_What is needed:_ Read the data and repeat it in full, exactly.

== Recorded data

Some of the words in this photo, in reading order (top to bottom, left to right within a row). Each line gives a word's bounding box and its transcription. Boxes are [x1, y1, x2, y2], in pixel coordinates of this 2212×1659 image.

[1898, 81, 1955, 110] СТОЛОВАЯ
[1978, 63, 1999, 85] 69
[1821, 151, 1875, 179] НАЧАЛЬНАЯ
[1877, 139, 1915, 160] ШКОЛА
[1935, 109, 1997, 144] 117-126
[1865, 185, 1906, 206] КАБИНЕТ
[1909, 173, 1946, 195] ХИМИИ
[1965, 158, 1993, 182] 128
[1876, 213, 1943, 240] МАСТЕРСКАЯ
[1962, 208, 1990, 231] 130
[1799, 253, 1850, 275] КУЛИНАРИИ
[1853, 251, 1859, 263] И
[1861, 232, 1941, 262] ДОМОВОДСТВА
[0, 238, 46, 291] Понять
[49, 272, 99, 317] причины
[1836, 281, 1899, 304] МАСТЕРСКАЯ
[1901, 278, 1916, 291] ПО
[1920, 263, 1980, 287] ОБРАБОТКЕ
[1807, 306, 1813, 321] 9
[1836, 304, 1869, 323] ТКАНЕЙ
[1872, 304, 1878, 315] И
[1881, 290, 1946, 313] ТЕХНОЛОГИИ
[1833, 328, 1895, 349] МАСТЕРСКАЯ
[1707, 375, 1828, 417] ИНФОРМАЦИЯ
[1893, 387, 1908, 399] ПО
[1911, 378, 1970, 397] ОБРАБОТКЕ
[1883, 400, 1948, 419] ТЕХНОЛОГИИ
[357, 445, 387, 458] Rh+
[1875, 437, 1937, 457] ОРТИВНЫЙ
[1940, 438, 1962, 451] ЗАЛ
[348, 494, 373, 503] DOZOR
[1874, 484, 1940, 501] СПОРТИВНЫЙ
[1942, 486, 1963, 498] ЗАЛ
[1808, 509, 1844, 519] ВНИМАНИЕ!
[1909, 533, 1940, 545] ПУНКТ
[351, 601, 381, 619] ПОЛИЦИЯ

====

_Solution to this exercise:_
Some of the words in this photo, in reading order (top to bottom, left to right within a row). Each line gives a word's bounding box and its transcription. Boxes are [x1, y1, x2, y2], in pixel coordinates of this 2212×1659 image.

[1898, 81, 1955, 110] СТОЛОВАЯ
[1978, 63, 1999, 85] 69
[1821, 151, 1875, 179] НАЧАЛЬНАЯ
[1877, 139, 1915, 160] ШКОЛА
[1935, 109, 1997, 144] 117-126
[1865, 185, 1906, 206] КАБИНЕТ
[1909, 173, 1946, 195] ХИМИИ
[1965, 158, 1993, 182] 128
[1876, 213, 1943, 240] МАСТЕРСКАЯ
[1962, 208, 1990, 231] 130
[1799, 253, 1850, 275] КУЛИНАРИИ
[1853, 251, 1859, 263] И
[1861, 232, 1941, 262] ДОМОВОДСТВА
[0, 238, 46, 291] Понять
[49, 272, 99, 317] причины
[1836, 281, 1899, 304] МАСТЕРСКАЯ
[1901, 278, 1916, 291] ПО
[1920, 263, 1980, 287] ОБРАБОТКЕ
[1807, 306, 1813, 321] 9
[1836, 304, 1869, 323] ТКАНЕЙ
[1872, 304, 1878, 315] И
[1881, 290, 1946, 313] ТЕХНОЛОГИИ
[1833, 328, 1895, 349] МАСТЕРСКАЯ
[1707, 375, 1828, 417] ИНФОРМАЦИЯ
[1893, 387, 1908, 399] ПО
[1911, 378, 1970, 397] ОБРАБОТКЕ
[1883, 400, 1948, 419] ТЕХНОЛОГИИ
[357, 445, 387, 458] Rh+
[1875, 437, 1937, 457] ОРТИВНЫЙ
[1940, 438, 1962, 451] ЗАЛ
[348, 494, 373, 503] DOZOR
[1874, 484, 1940, 501] СПОРТИВНЫЙ
[1942, 486, 1963, 498] ЗАЛ
[1808, 509, 1844, 519] ВНИМАНИЕ!
[1909, 533, 1940, 545] ПУНКТ
[351, 601, 381, 619] ПОЛИЦИЯ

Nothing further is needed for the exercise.